Safety and Well-being. Ocean and Somerset took the top spots in this domain. In these counties, less than 7 percent of reported children had substantiated or established cases of child abuse or neglect. Ocean and Somerset also had lower rates of juvenile arrests and youth not working and not in school. From 2011 to 2015, New Jersey saw dramatic declines in all 21 counties for the number of juveniles arrested. Gloucester County experienced the most significant reduction – by approximately 60 percent.

In an effort to draw attention to the needs of children, ACNJ is hosting a Children’s Summit on September 12th, bringing together community leaders, child advocates and candidates for the upcoming state election to focus on making children a priority.
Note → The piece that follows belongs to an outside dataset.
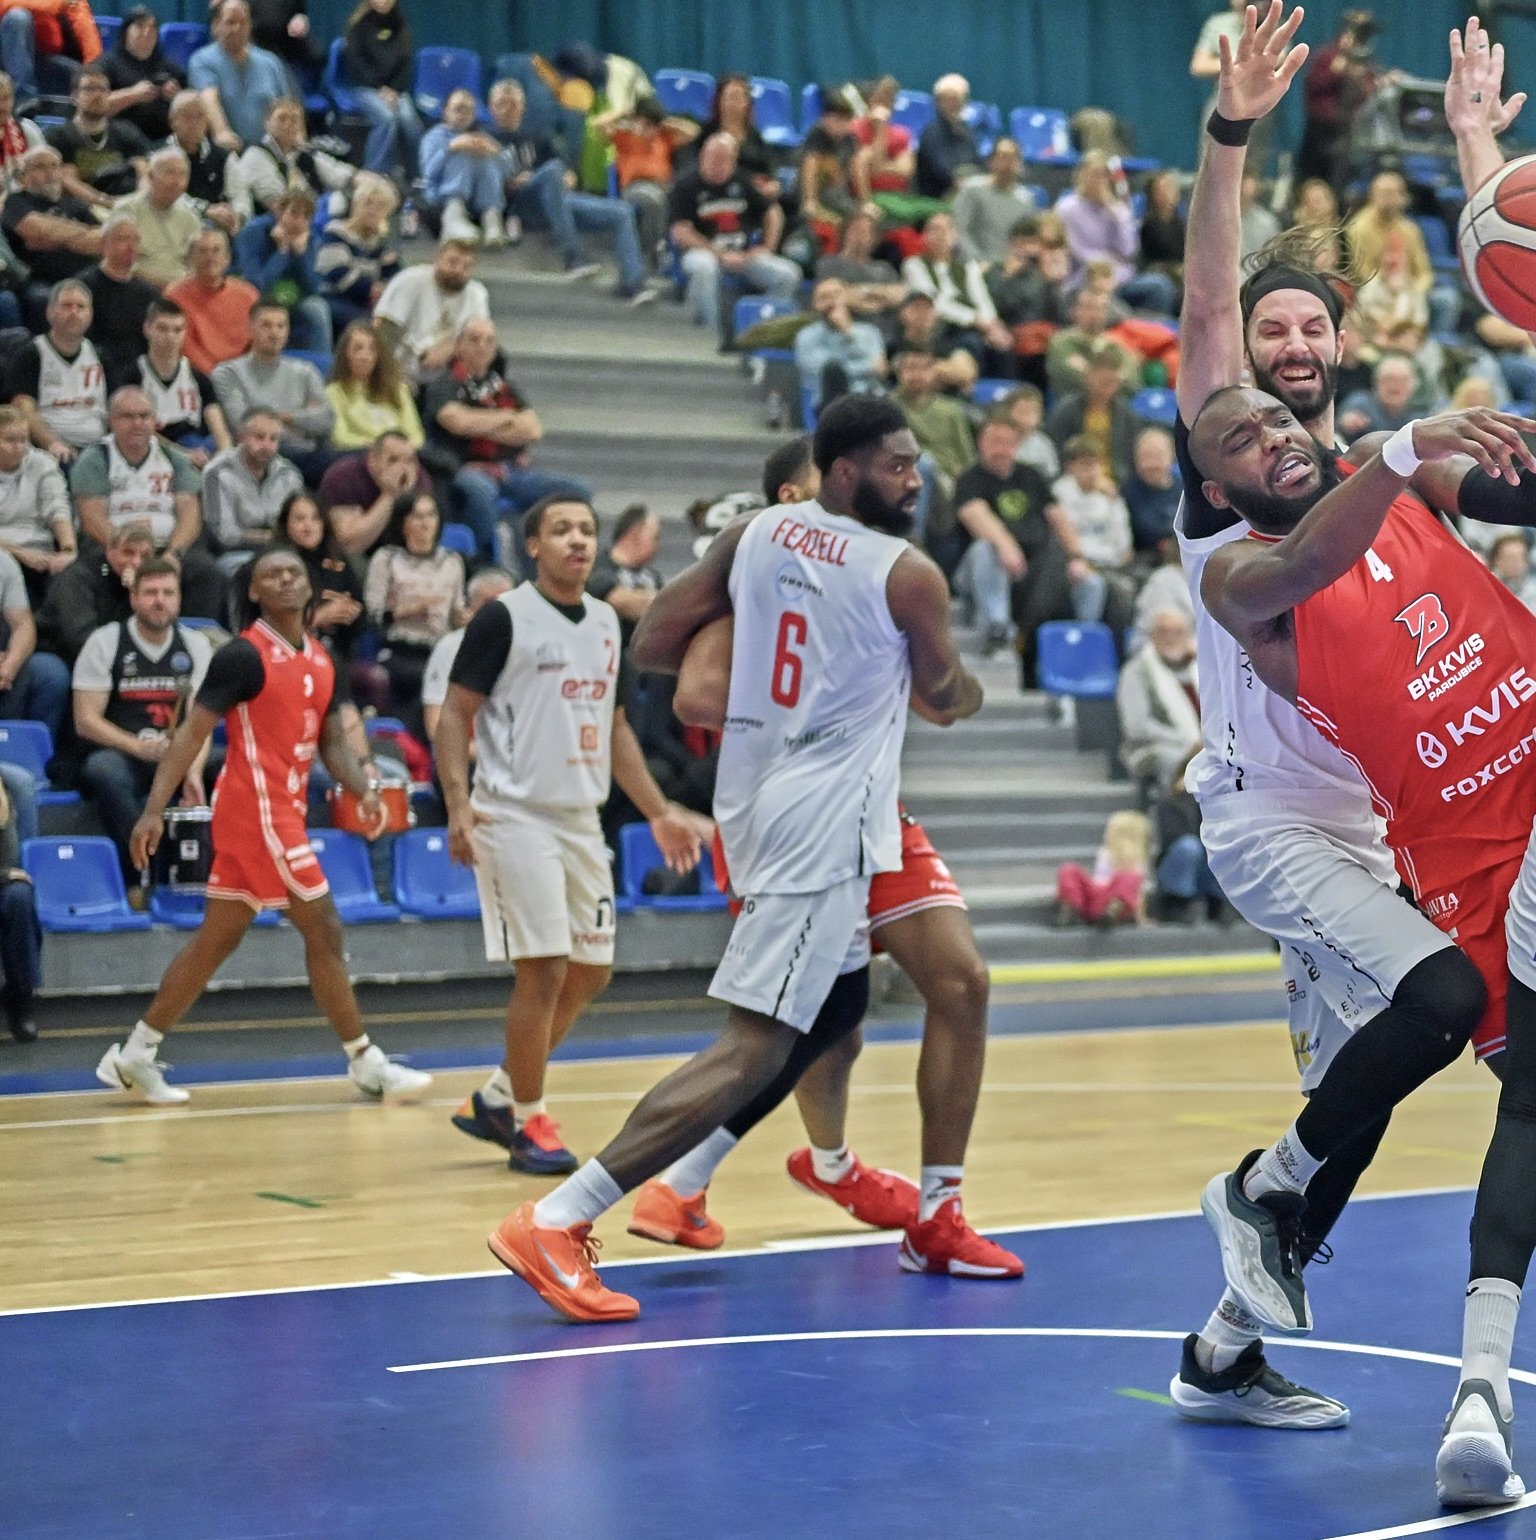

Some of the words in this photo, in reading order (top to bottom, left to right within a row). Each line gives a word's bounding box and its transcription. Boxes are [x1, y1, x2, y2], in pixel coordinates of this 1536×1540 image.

In addition to releasing the county rankings and pocket guide, ACNJ released the state data book, New Jersey Kids Count 2017: The State of Our Children, in May, which provides state-level data in all areas of child well-being.

To read the reports, visit www.acnj.org.


Kids Count is a national and state‐by‐state statistical effort to track the state of children in the United States, sponsored by the Annie E. Casey Foundation. Advocates for Children of New Jersey is a statewide child research and action organization and the New Jersey Kids Count grantee.